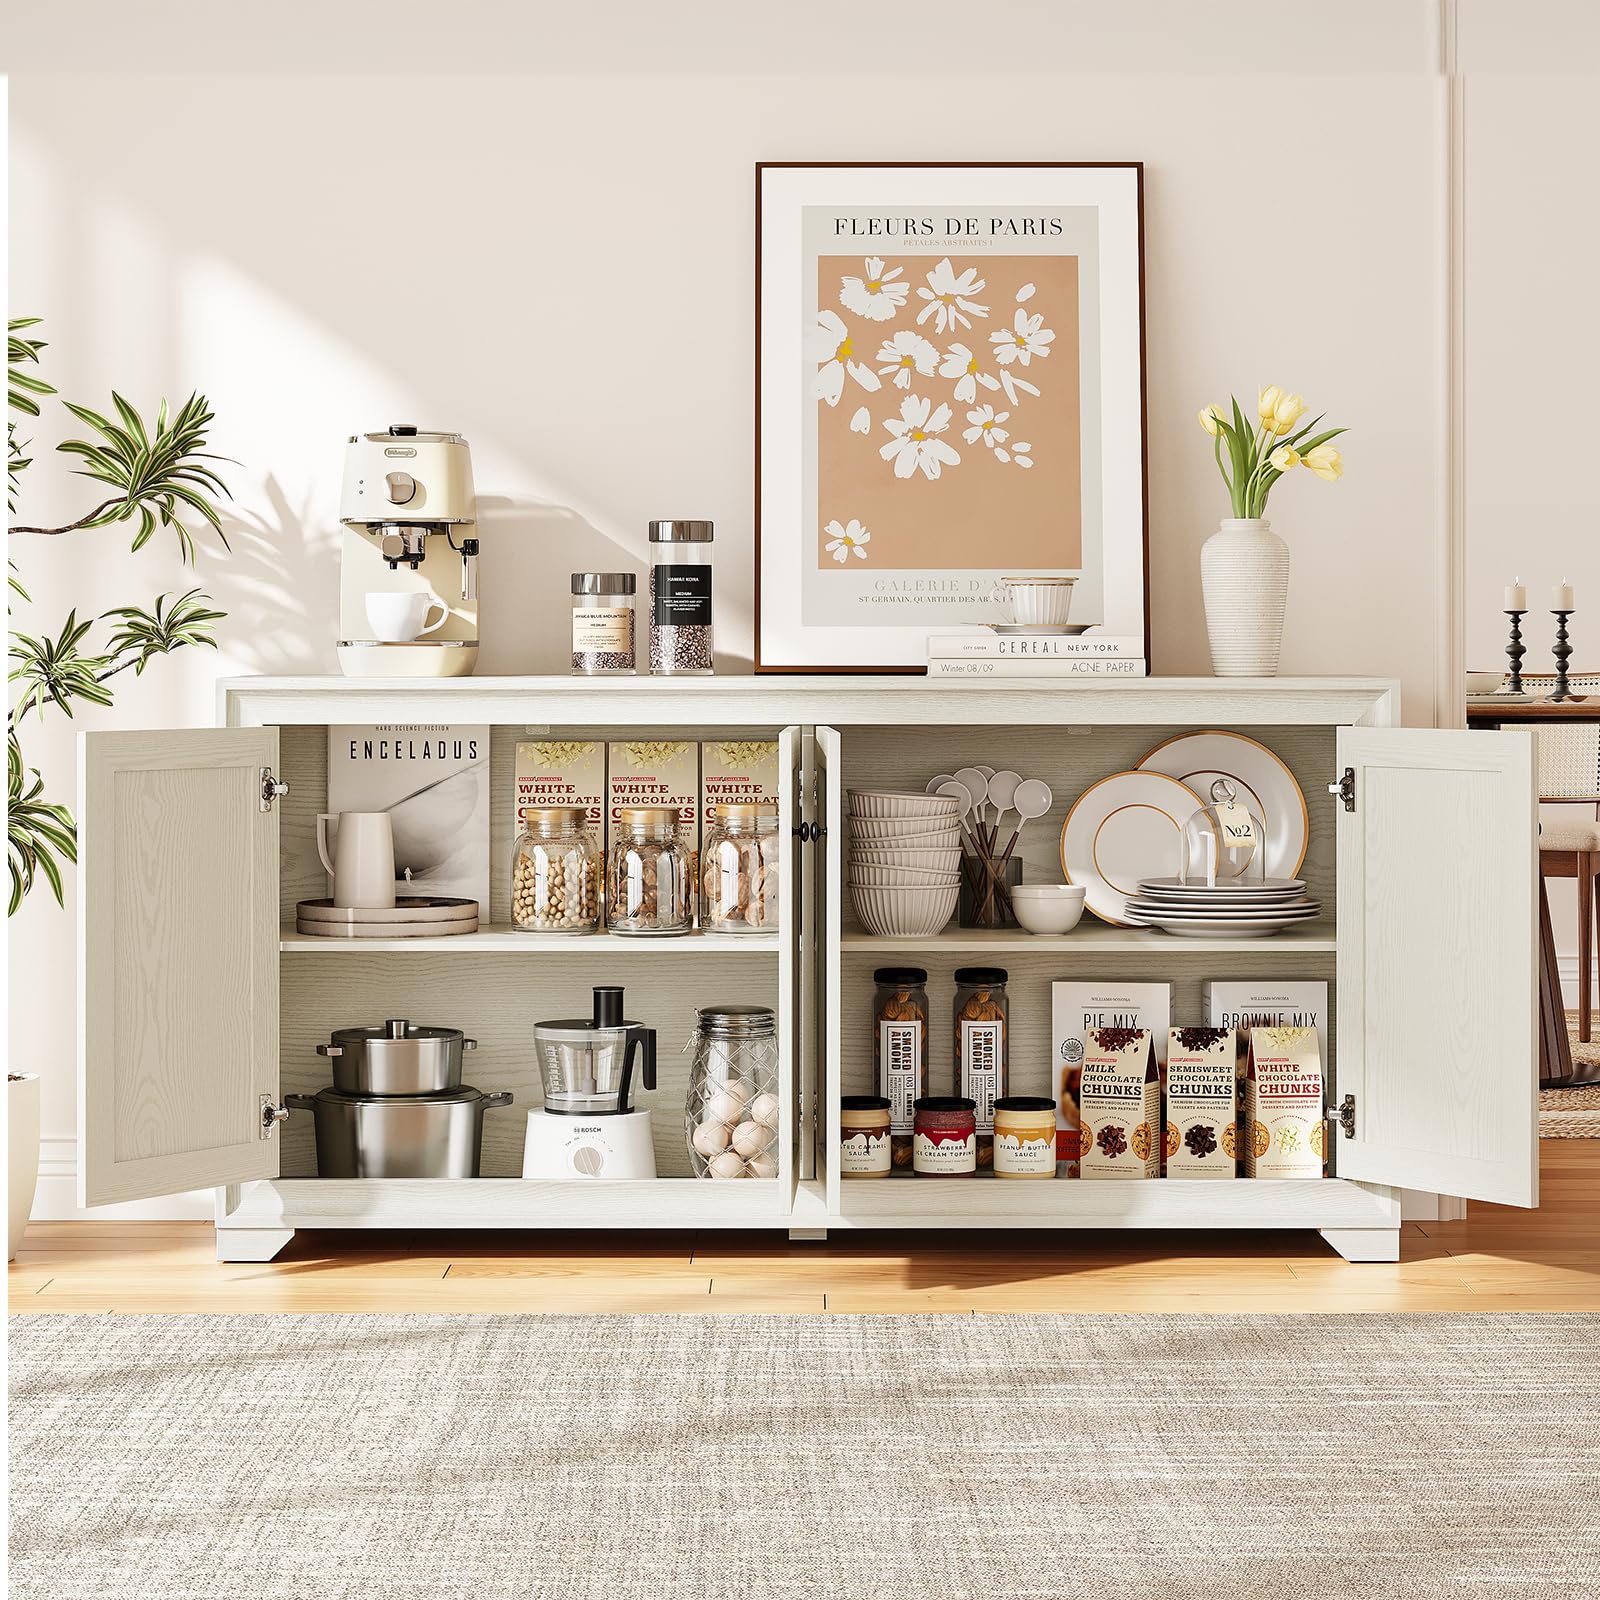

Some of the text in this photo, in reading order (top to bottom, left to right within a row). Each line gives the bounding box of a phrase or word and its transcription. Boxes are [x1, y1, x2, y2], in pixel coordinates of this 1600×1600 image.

[833, 217, 1063, 236] FLEURS DE PARIS
[875, 580, 959, 592] GALERIE
[871, 596, 912, 604] GERMAIN,
[914, 596, 957, 604] QUARTIER
[999, 641, 1059, 653] CEREAL
[940, 663, 994, 673] Winter 08/09
[1071, 662, 1135, 673] ACNE PAPER
[350, 740, 477, 760] ENCELADUS
[518, 784, 575, 794] WHITE
[612, 784, 669, 794] WHITE
[705, 784, 763, 794] WHITE
[518, 796, 601, 804] CHOCOLATE
[612, 796, 695, 804] CHOCOLATE
[705, 796, 780, 804] CHOCOLAT
[1084, 1013, 1138, 1030] PIE MIX
[1222, 1012, 1285, 1030] BROWNIE
[1293, 1012, 1317, 1028] MIX
[891, 1031, 901, 1070] ALMOND
[902, 1031, 912, 1070] SMOKED
[972, 1031, 982, 1070] ALMOND
[983, 1031, 993, 1070] SMOKED
[1084, 1064, 1116, 1073] MILK
[1169, 1065, 1232, 1073] SEMISWEET
[1257, 1064, 1300, 1072] WHITE
[906, 1076, 914, 1088] 03
[987, 1076, 995, 1088] 03
[1083, 1074, 1143, 1083] CHOCOLATE
[1082, 1083, 1142, 1096] CHUNKS
[1169, 1084, 1232, 1095] CHUNKS
[1258, 1083, 1320, 1094] CHUNKS
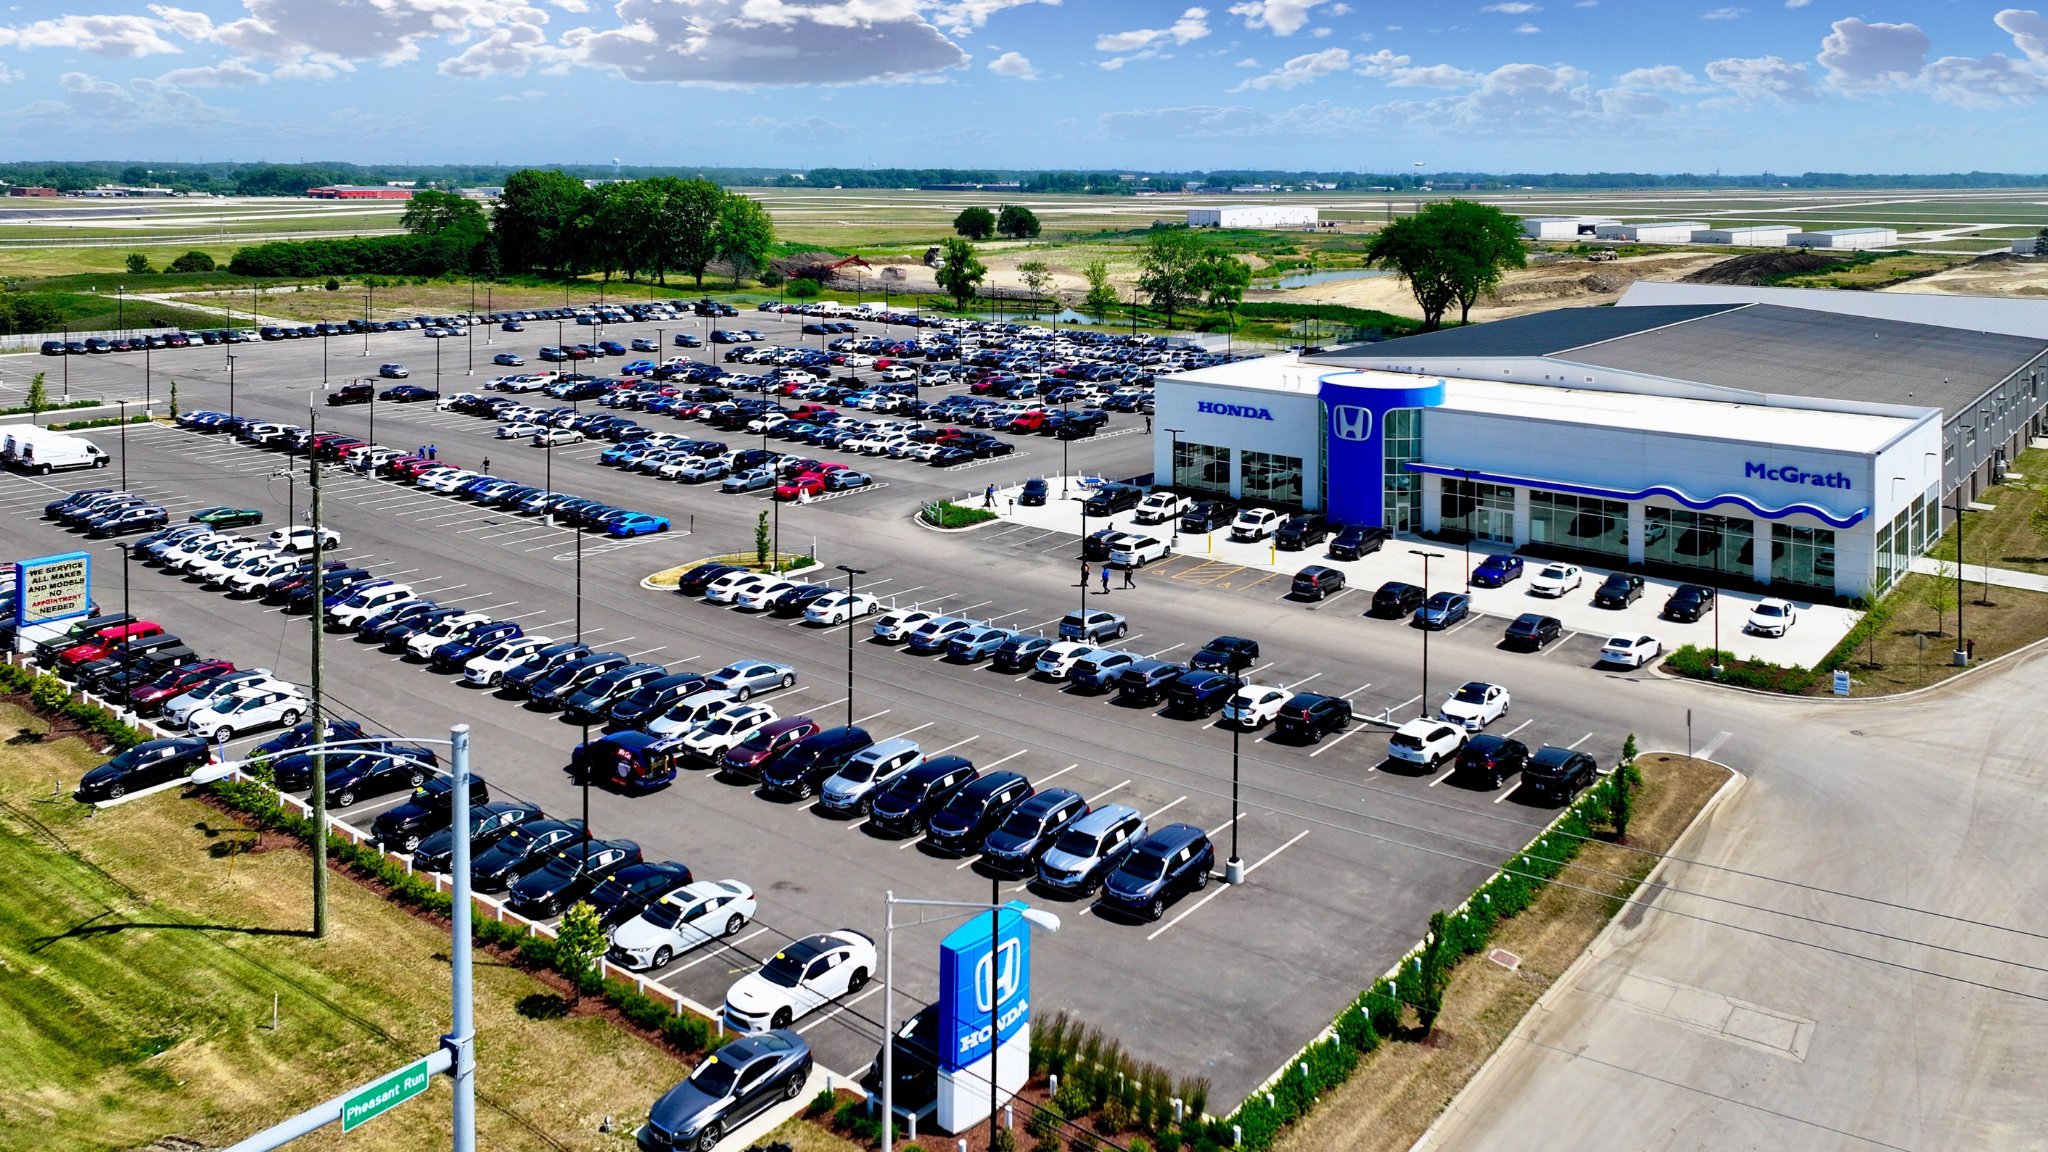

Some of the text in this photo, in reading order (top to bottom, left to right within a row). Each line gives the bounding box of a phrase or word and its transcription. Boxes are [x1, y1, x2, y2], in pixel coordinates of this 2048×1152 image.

[1197, 401, 1274, 421] HONDA
[1745, 462, 1851, 490] McGrath
[46, 562, 82, 573] SERVICE
[32, 571, 81, 585] ALL MAKES
[49, 578, 84, 589] MODELS
[32, 594, 81, 607] APPOINTMENT
[40, 603, 74, 613] NEEDED
[960, 998, 1028, 1053] HONDA
[346, 1073, 425, 1121] Pheasant Run
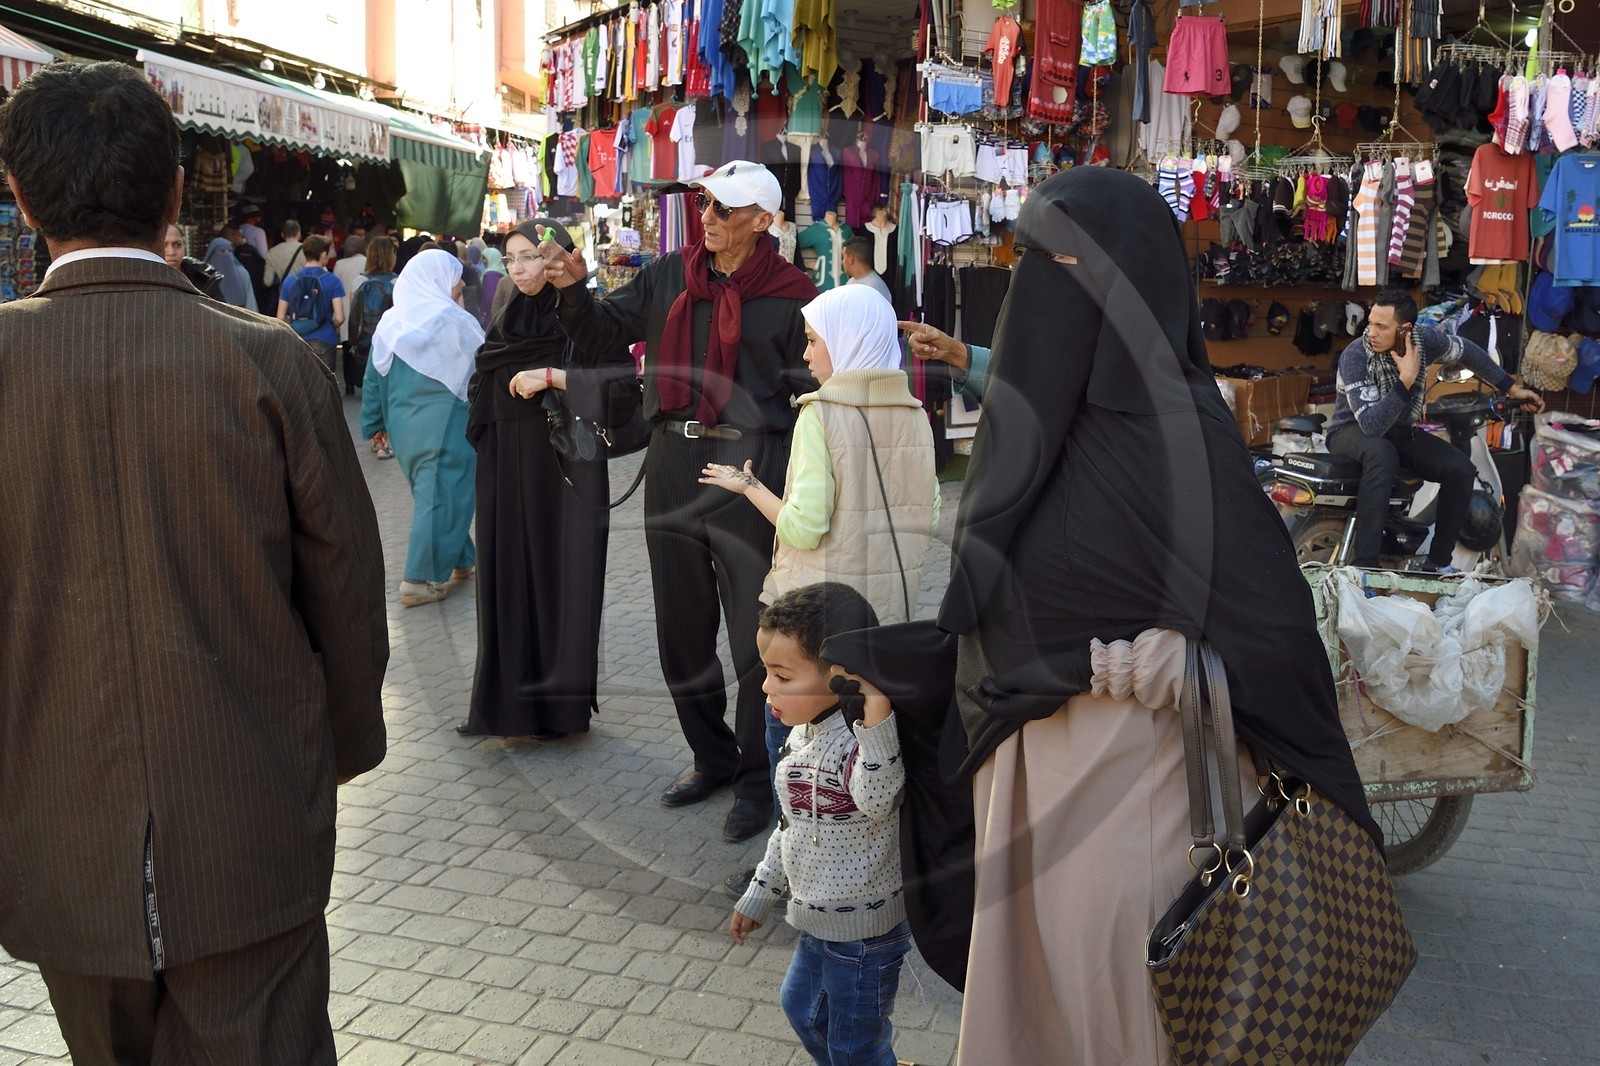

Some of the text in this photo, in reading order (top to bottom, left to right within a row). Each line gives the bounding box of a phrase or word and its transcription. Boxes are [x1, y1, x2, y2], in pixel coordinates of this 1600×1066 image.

[1215, 69, 1223, 82] 3
[1484, 176, 1518, 192] المغرب
[1287, 458, 1315, 470] DOCKER
- - -
Go through the data above and transcribe it in full, omitting any image.

Some of the text in this photo, in reading order (top to bottom, left to right within a row). Each line gives the bounding box of a phrase or word and its transcription. Boxes are [x1, y1, x2, y2], in pixel coordinates of this 1600×1600 image.

[833, 217, 1063, 236] FLEURS DE PARIS
[875, 580, 959, 592] GALERIE
[871, 596, 912, 604] GERMAIN,
[914, 596, 957, 604] QUARTIER
[999, 641, 1059, 653] CEREAL
[940, 663, 994, 673] Winter 08/09
[1071, 662, 1135, 673] ACNE PAPER
[350, 740, 477, 760] ENCELADUS
[518, 784, 575, 794] WHITE
[612, 784, 669, 794] WHITE
[705, 784, 763, 794] WHITE
[518, 796, 601, 804] CHOCOLATE
[612, 796, 695, 804] CHOCOLATE
[705, 796, 780, 804] CHOCOLAT
[1084, 1013, 1138, 1030] PIE MIX
[1222, 1012, 1285, 1030] BROWNIE
[1293, 1012, 1317, 1028] MIX
[891, 1031, 901, 1070] ALMOND
[902, 1031, 912, 1070] SMOKED
[972, 1031, 982, 1070] ALMOND
[983, 1031, 993, 1070] SMOKED
[1084, 1064, 1116, 1073] MILK
[1169, 1065, 1232, 1073] SEMISWEET
[1257, 1064, 1300, 1072] WHITE
[906, 1076, 914, 1088] 03
[987, 1076, 995, 1088] 03
[1083, 1074, 1143, 1083] CHOCOLATE
[1082, 1083, 1142, 1096] CHUNKS
[1169, 1084, 1232, 1095] CHUNKS
[1258, 1083, 1320, 1094] CHUNKS

Some of the text in this photo, in reading order (top to bottom, left to right within a row). Each line gives the bounding box of a phrase or word and its transcription. Boxes are [x1, y1, x2, y2], in pixel coordinates of this 2048×1152 image.

[1197, 401, 1274, 421] HONDA
[1745, 462, 1851, 490] McGrath
[46, 562, 82, 573] SERVICE
[32, 571, 81, 585] ALL MAKES
[49, 578, 84, 589] MODELS
[32, 594, 81, 607] APPOINTMENT
[40, 603, 74, 613] NEEDED
[960, 998, 1028, 1053] HONDA
[346, 1073, 425, 1121] Pheasant Run

Some of the text in this photo, in reading order (top to bottom, left to right within a row). Each line gives the bounding box of a phrase or word and its transcription. Boxes are [x1, y1, x2, y2], in pixel coordinates of this 1600×1066 image.

[1215, 69, 1223, 82] 3
[1484, 176, 1518, 192] المغرب
[1287, 458, 1315, 470] DOCKER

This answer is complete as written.